Push content directly β€” real-time sync on save

Data Ingestion

Data Ingestion pushes your WordPress content directly to Opensolr via the API β€” no crawler needed. Posts are sent the moment you publish or update them, and bulk ingestion handles your entire library asynchronously in the background.

Two Ingestion Modes

Real-Time Sync

Every time you save, update, or delete a post, the plugin automatically pushes the changes to your Opensolr index. Fires on save_post and delete_post WordPress hooks with a 5-second API timeout β€” fast enough to keep your index current, short enough to never block your editing workflow.

Async Bulk Ingestion

Processes your entire content library in batches of 50 documents via WordPress cron. Runs every minute, picking up where it left off until all selected content types are fully ingested. Designed for initial setup or re-ingesting after configuration changes.

Ingest All Now

Click Ingest All Now on the Data Ingestion tab to queue all content from your selected content types for async bulk processing. A live progress bar appears showing:

  • Percentage β€” overall completion of the ingestion job
  • Batch count β€” how many batches of 50 documents have been processed
  • Error count β€” any documents that failed to ingest (network timeouts, malformed content, etc.)

The progress bar polls every 3 seconds.
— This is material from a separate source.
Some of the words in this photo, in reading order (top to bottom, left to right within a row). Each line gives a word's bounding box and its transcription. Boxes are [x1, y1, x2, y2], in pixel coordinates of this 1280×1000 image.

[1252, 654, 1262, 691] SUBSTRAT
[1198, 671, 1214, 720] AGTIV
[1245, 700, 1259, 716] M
If you leave the page and come back, the progress bar picks up from where it left off β€” a completed job shows a green checkmark, a failed job shows the error message.

How Async Bulk Works

  1. You click Ingest All Now β€” the plugin creates a job in the database with status "pending"
  2. WordPress cron picks up the job within 60 seconds and starts processing
  3. Each batch loads 50 posts from the database, converts them to Solr documents, and pushes them to the Opensolr API
  4. Progress is saved after each batch β€” if cron is interrupted, it resumes from the last completed batch
  5. When all documents are processed, the job status changes to "completed"

System Cron Required

WordPress pseudo-cron is not reliable

Bulk ingestion relies on WordPress cron events firing every minute. The built-in WordPress pseudo-cron (WP-Cron) only runs when someone visits your site β€” if no one visits, nothing gets processed. You must set up a real system cron for reliable ingestion.

Add this to your wp-config.php to disable WordPress pseudo-cron:

define('DISABLE_WP_CRON', true);

Then add a system cron job that fires every minute:

* * * * * cd /path/to/wordpress && wp cron event run --due-now --allow-root > /dev/null 2>&1

Running as root?

If your system cron runs as root, you must include --allow-root in the command. Without it, WP-CLI silently refuses to execute and your ingestion jobs will never progress.
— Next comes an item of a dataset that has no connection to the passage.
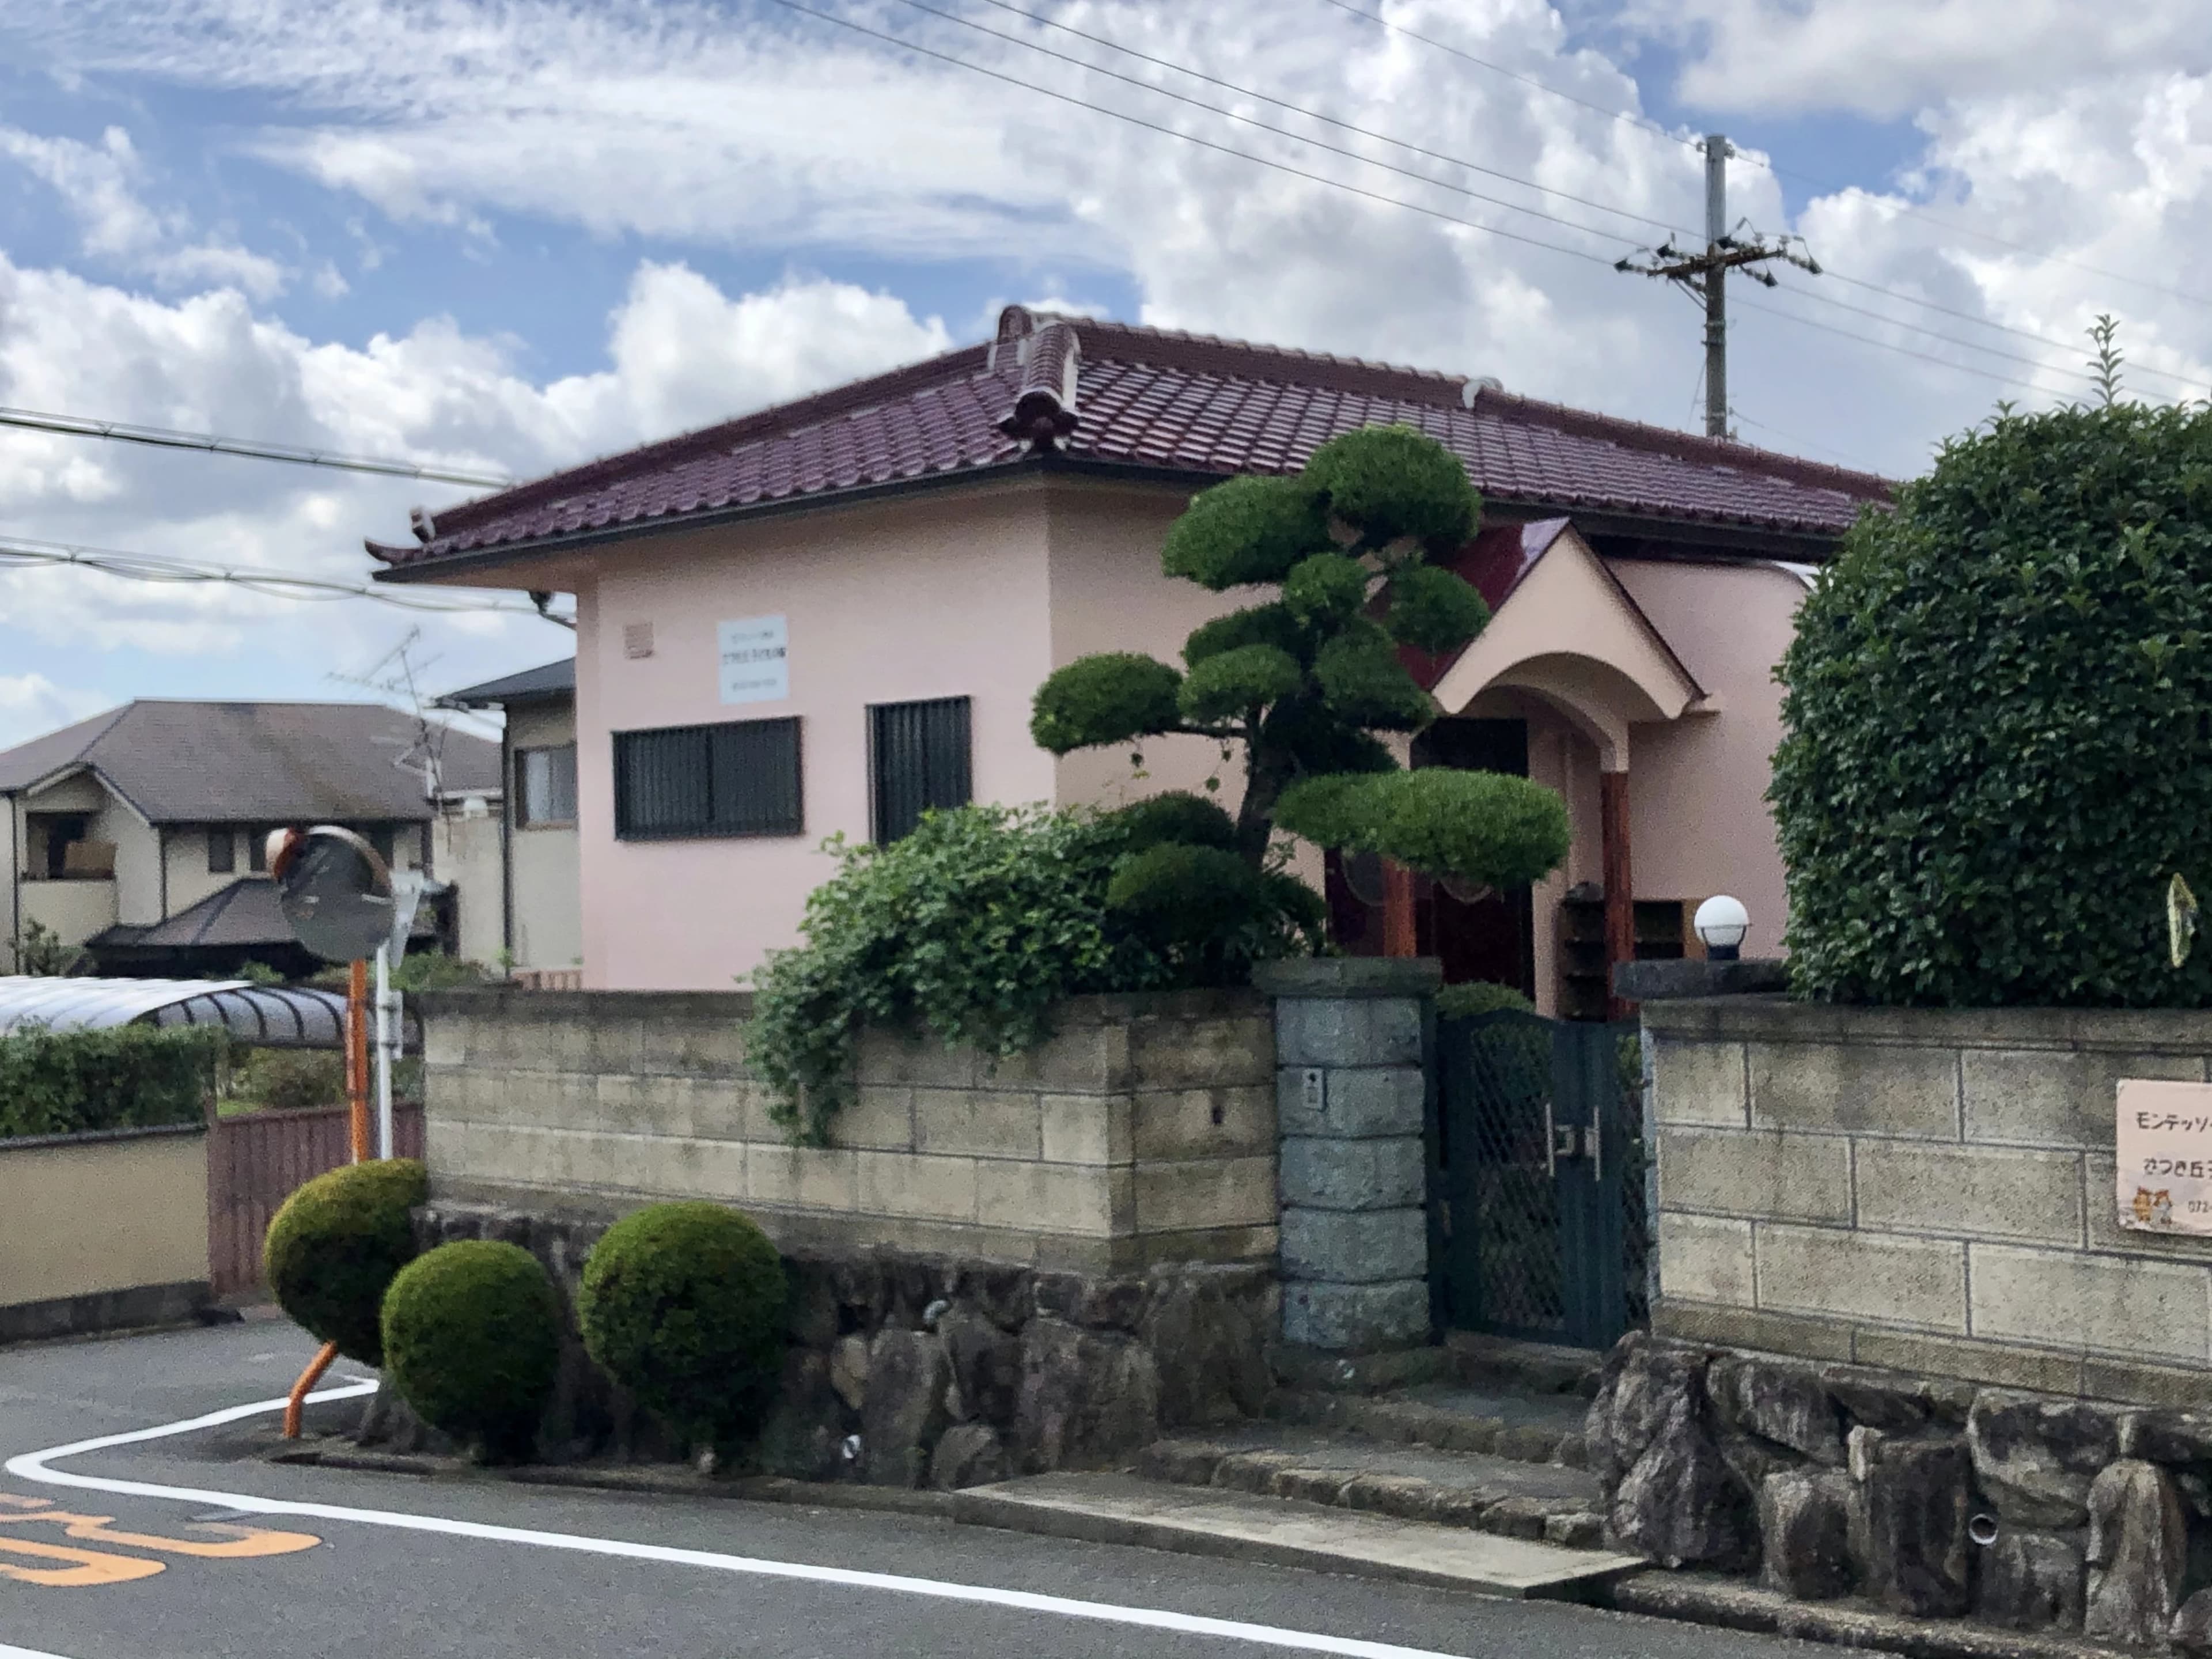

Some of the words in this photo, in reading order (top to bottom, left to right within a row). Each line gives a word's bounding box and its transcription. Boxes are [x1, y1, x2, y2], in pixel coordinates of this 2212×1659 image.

[2137, 1112, 2212, 1132] モンテッソ
Crawler + Ingestion Together

The Web Crawler and Data Ingestion are designed to work together. Both produce identical Solr documents with the same document ID (md5(uri)), so there are no duplicates β€” whichever method writes last simply updates the document.

Crawler β€” Comprehensive Coverage

Crawls your entire sitemap on a schedule (daily, weekly, monthly). Best for: initial indexing, picking up structural changes, re-indexing everything after config changes.

Ingestion β€” Real-Time Freshness

Pushes changes the instant you save a post. Best for: keeping search results up-to-date between crawls, new posts appearing immediately, deleted posts removed instantly.

Enrichment Pipeline

Documents sent via ingestion go through the same enrichment pipeline as crawled pages. On vector-enabled plans, each document is automatically enriched with:

Embeddings

BGE-m3 1024-dimensional vectors computed from the first 10 sentences of your content. Powers hybrid vector + keyword search for dramatically better relevance.

Sentiment Analysis

VADER-based sentiment scoring β€” positive, negative, neutral, and compound scores. Useful for filtering and analytics.

Language Detection

Automatic language identification per document β€” powers the locale filter for multilingual sites using WPML or Polylang.

Document Fields

Each ingested document includes these fields in the Solr index:

  • uri β€” the canonical URL of the post (trailing slash normalized)
  • title β€” post title
  • description β€” meta description or post excerpt
  • text β€” full body text, stripped of HTML tags
  • text_t β€” structured text from JSON-LD and taxonomy data (preferred for AI features)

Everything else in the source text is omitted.